Workplace support after a critical incident

Despite the best plans, traumatic or critical events can and do happen at work.

We develop policies and procedures designed to guide us in these occurrences, but we must be equally prepared to deal with the aftermath of incidents.

We know more now than ever before, some methods that management can employ to assist personnel in healing from these events. And we know that management can play a key role in assisting employees to heal.

Management presence at the worksite

One of the biggest factors to helping a workplace heal is for management to demonstrate that they understand the employees have been affected and by communicating that to them. Acknowledgment and expression of this awareness significantly reduces the chance that traumatic responses will persist or become severe.

Let your staff know that you know their work will temporarily be affected. Ask what they need.

Managers need to spend some time with their employees after an event.

Employees need to be reassured of management’s concern, and they need to be able to ask questions. Senior managers should ensure that immediate supervisors are supported in this role, relieved of unnecessary duties, and work that can be postponed until a later date.

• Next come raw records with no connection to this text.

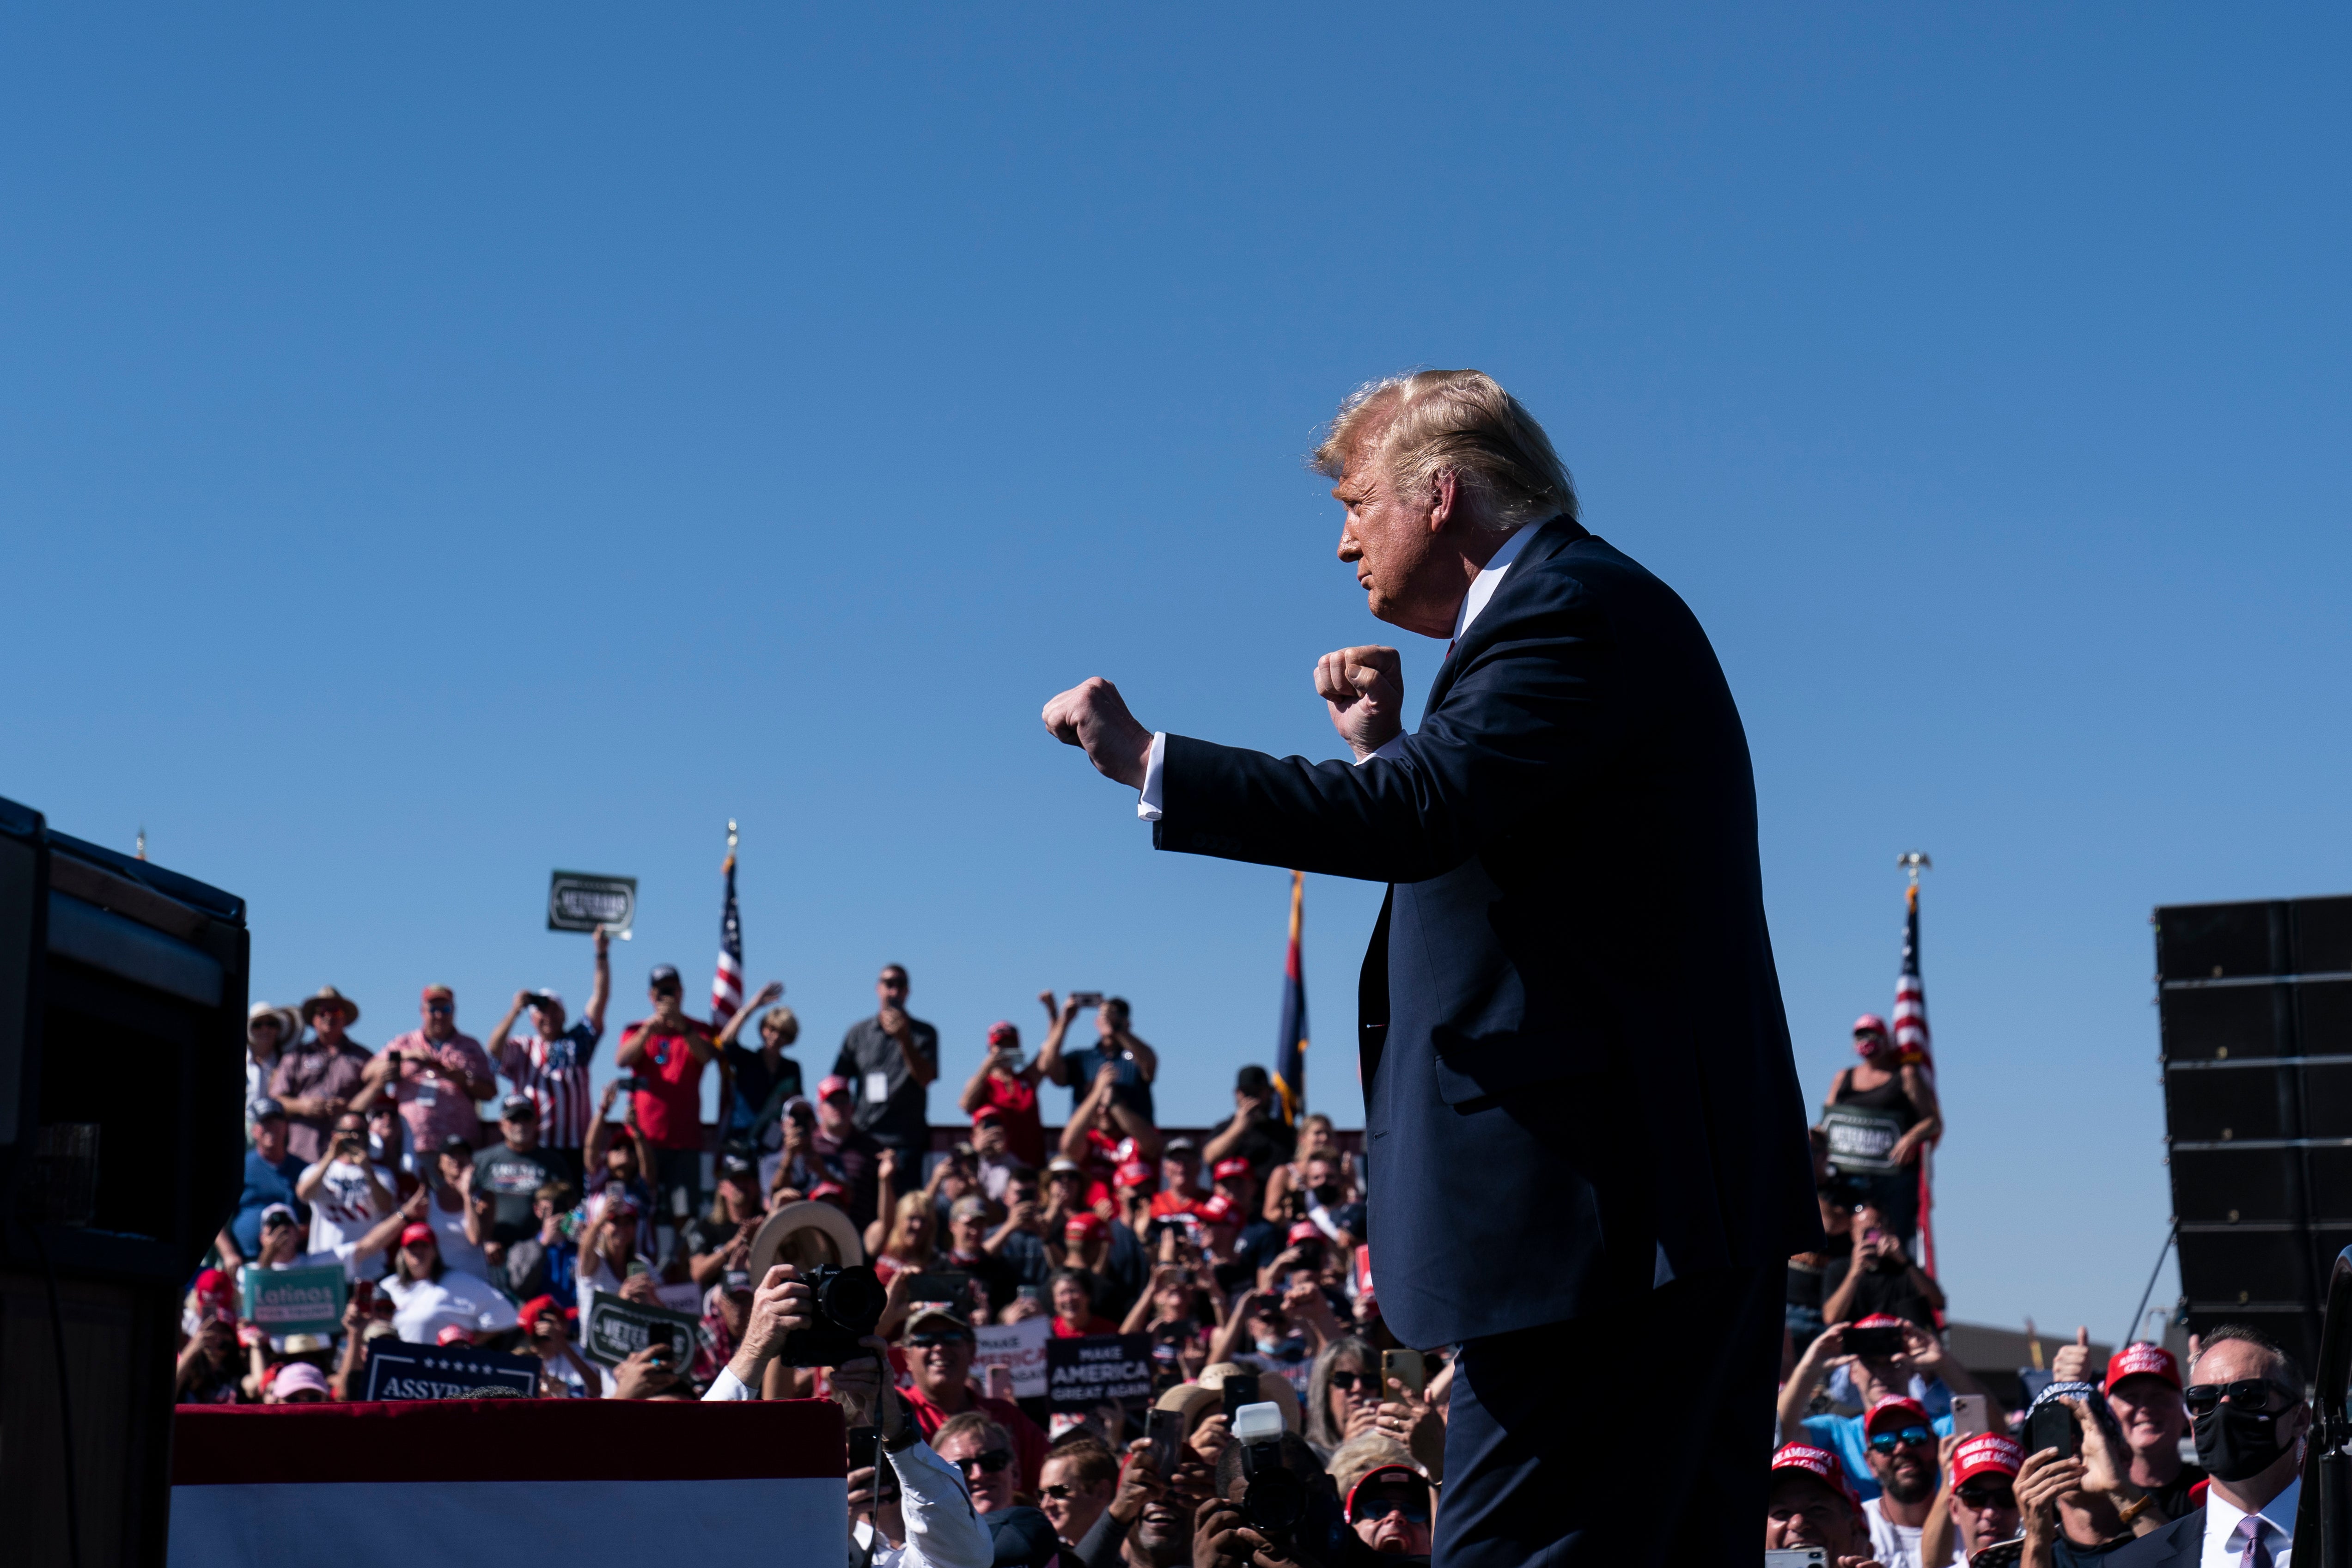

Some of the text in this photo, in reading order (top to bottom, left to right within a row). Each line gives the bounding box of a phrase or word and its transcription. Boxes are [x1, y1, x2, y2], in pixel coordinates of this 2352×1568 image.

[255, 1285, 333, 1305] Latinos
[1079, 1345, 1123, 1361] MAKE
[2118, 1352, 2168, 1367] AMERICA
[1051, 1361, 1150, 1385] AMERICA
[1051, 1381, 1151, 1401] GREAT AGAIN
[1784, 1446, 1833, 1467] AMERICA
[1957, 1438, 2024, 1459] MAKE AMERICA
[1962, 1450, 1993, 1470] GREAT

Sharing information with employees

Employees will have many questions and they need answers. As more information develops, it is important to continue to provide updates of information to the workforce. Information can be conveyed via email, through notices posted in strategic places in the workplace or through other methods in which employees have been briefed.

Bring in Instep or other crisis response professionals

Before an incident ever occurs, be aware of who your contact is to bring in trained crisis response professionals. Typically, this will be through the Employee Assistance Program. When an incident occurs, involve the EAP as soon as possible. EAP will generally talk with management about effective strategies to employ in working with the employees. Based on the outcomes of the consultations, EAP will offer services such as defusing/de-escalations, debriefings, or other indicated services.

Support informal debriefings

Provide management led or support formal debriefings and be aware that this will not end the recovery process. Depending on the event, you may need to provide opportunities for employees to talk informally with one another at future group sessions.

Support caregiving within workgroups

Keep the work groups together as much as possible and try not to isolate employees from their normal support groups at work. Structure and consistency at this time is important.

Handle critical sites with care

Initially, the site of the traumatic or violent incident might be secured as a crime scene. If someone has died, that person’s work area will be a focus of grieving and it needs to be respected as such. Many agencies have announced that the office will be open for those wishing to say their goodbyes until a certain date and then will be closed down and prepared for moving on.

The key issue here is communicating that the change will happen and when. Remember, the more information the better. Give a date when the office will no longer be open for viewing as well as a date the position will be advertised to be filled.

Buffer those affected from post-event stressors

Remember the support staff who may be fielding phone calls or visitors to the office that have experienced the event. Those in a position to receive requests for information about the event or calls answering calls for the person who may have died need a “script” of what information management would like to have released. If the event attracts the media, give guidance as to how to handle contacts from the media.

Additionally, provision of assistance with information about work benefits and other administrative issues can reduce the burden on victims and families.

Help employees face feared places or activities

Returning soon, even if briefly, to a feared site can help prevent lasting effects. Going to the site with a friend or loved one or being supported by a close work associate can make the first step much easier.